Je remarque aussi que mon organisation du temps n’est pas en proportion de cette hiérarchie des cercles. VQ occupe la plupart du temps, repousse BE, mais subit à son tour SW. SW parvient à se superposer aux autres temps, en dehors des moments qui lui sont exclusifs, et que je ne sais pas mesurer : parce que quand je suis dans ce cercle, je perds la vue de l’ensemble. Le temps de BE est tout ce qui est pris à VQ, soit vol, soit lutte, soit résistance. La chose curieuse est pourtant que ma vie est organisée en donnant la priorité au plus faible de ces temps, BE, menacé par les deux autres, mais n’envahissant que l’un d’entre eux, grâce à cette préférence, et n’ayant que peu de prise sur l’autre.

Si VQ est le socle, BE l’observatoire, j’ai beaucoup de perplexité à caractériser SW, qui sort de cette instrumentalisation. En vérité, VQ s’est présenté comme un donné, une contrainte initiale, à la fois irritante par son caractère incontournable et que j’ai cherché à rabaisser, à circonscrire dans sa misère. BE est ce qui s’y oppose, le refus de la seule survie, mais aussi, avec le temps, le projet positif de l’existence. Comme la formulation de ce projet est hors de toute norme, d’une ambition et d’une démesure qui me paraissent non seulement uniques mais insurpassables, l’importance qu’a pris SW dans mon existence s’est avérée un cas particulier non réductible à la mécanique simple de la séparation VQ/BE. C’est une grave perturbation, irrespectueuse des socles et des observatoires, mais qui ne saurait les remplacer. Car, vu de l’angle de l’observatoire qui examine la vie, SW en est la pleine synthèse, au point d’abolir, par évidence, socles et observatoires ; mais vu du point de vue de la logique, SW qui est une sphère sans projet, sans explication, sensitive, ne peut en aucun cas concourir avec l’importance de BE. Et j’ai toujours pensé que si l’amour était ce qui pouvait arriver de plus fort, ce n’était pas ce qui pouvait arriver de plus important. Dans ce conflit entre la conscience et l’émotion, qui est aussi celui de la Bibliothèque des Emeutes et de notre époque, je ne crains pas de dire que, malgré la prédominance que je reconnais à la conscience, j’aurais trahi celle-ci sans hésiter si tu avais accepté les extrêmes passionnels auxquels j’ai cherché à t’engager.
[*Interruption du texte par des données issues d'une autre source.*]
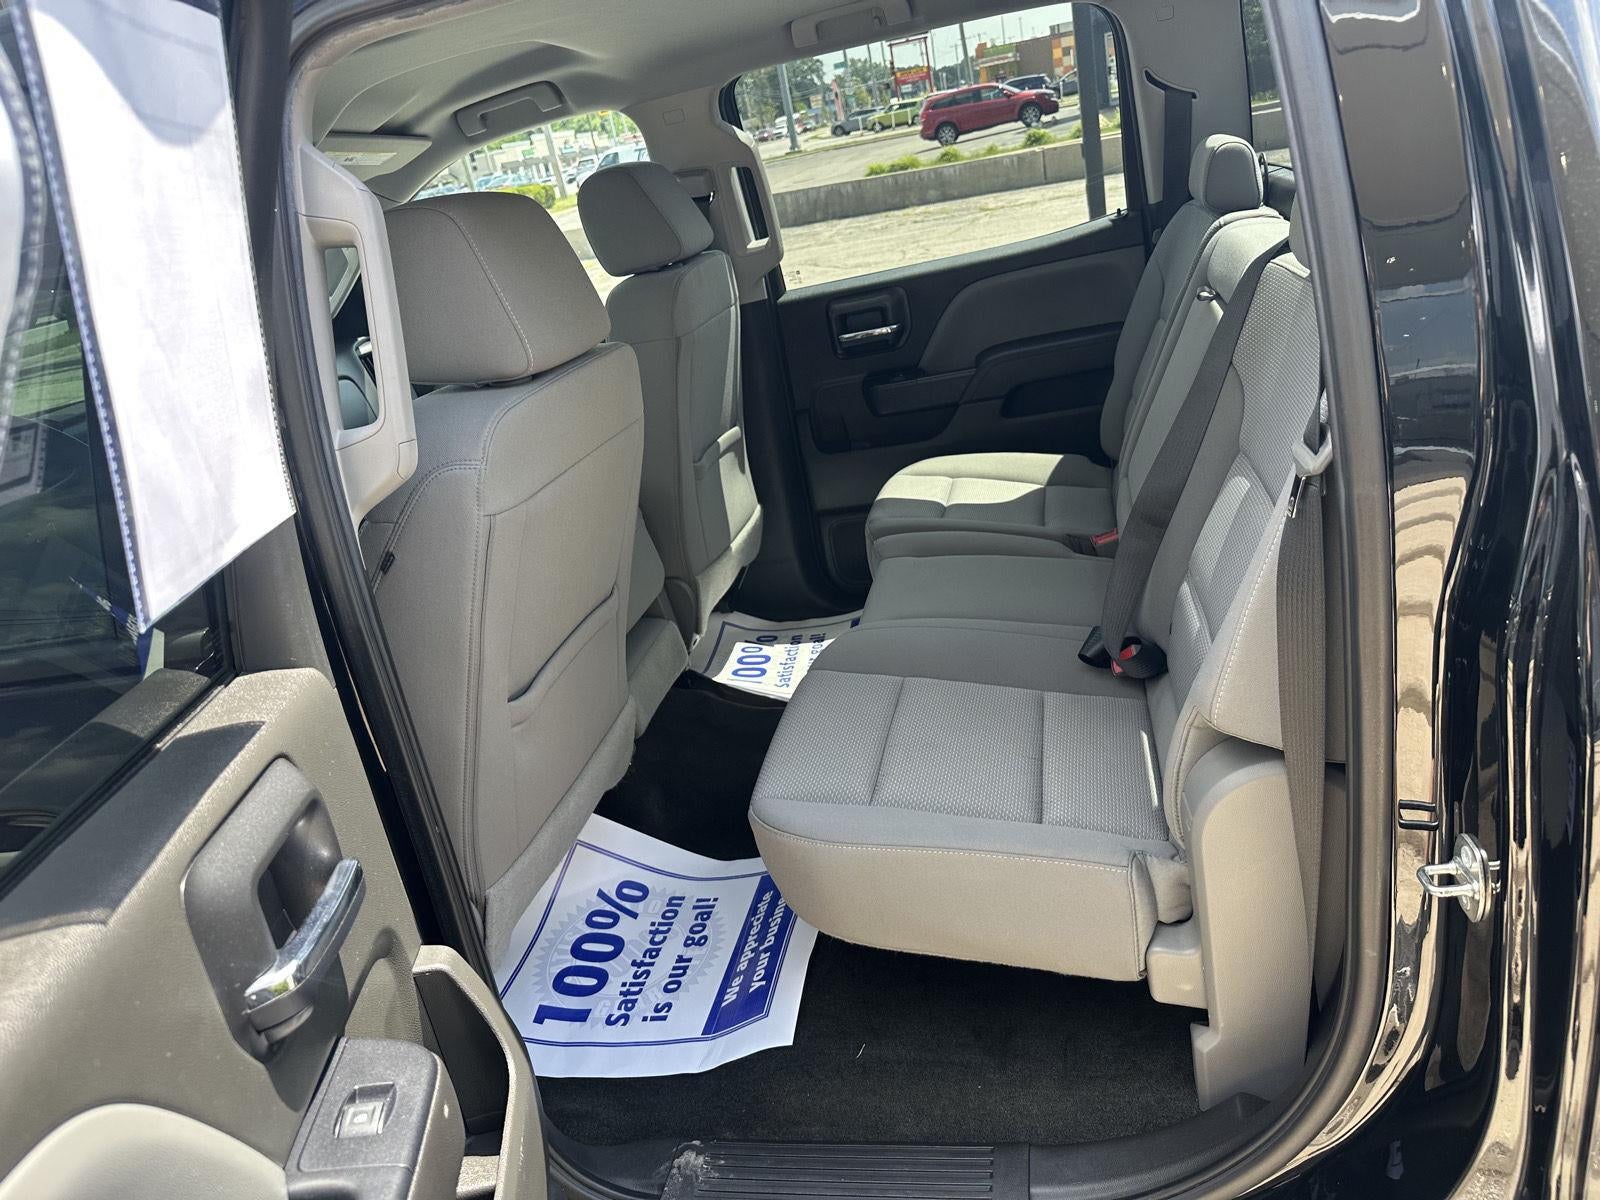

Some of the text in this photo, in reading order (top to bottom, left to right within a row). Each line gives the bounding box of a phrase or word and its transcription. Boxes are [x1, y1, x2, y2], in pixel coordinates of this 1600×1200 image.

L’exploration de la sphère SW m’a toujours paru valoir l’explosion des deux autres, même si je suis persuadé que mon projet n’est pas dans cette passion. L’amour me paraît toujours aussi gratuit et inutile, ce qui en fait le riche contrepoint d’une construction qui nécessite de la rigueur, de l’intelligence, de la cohérence et du courage.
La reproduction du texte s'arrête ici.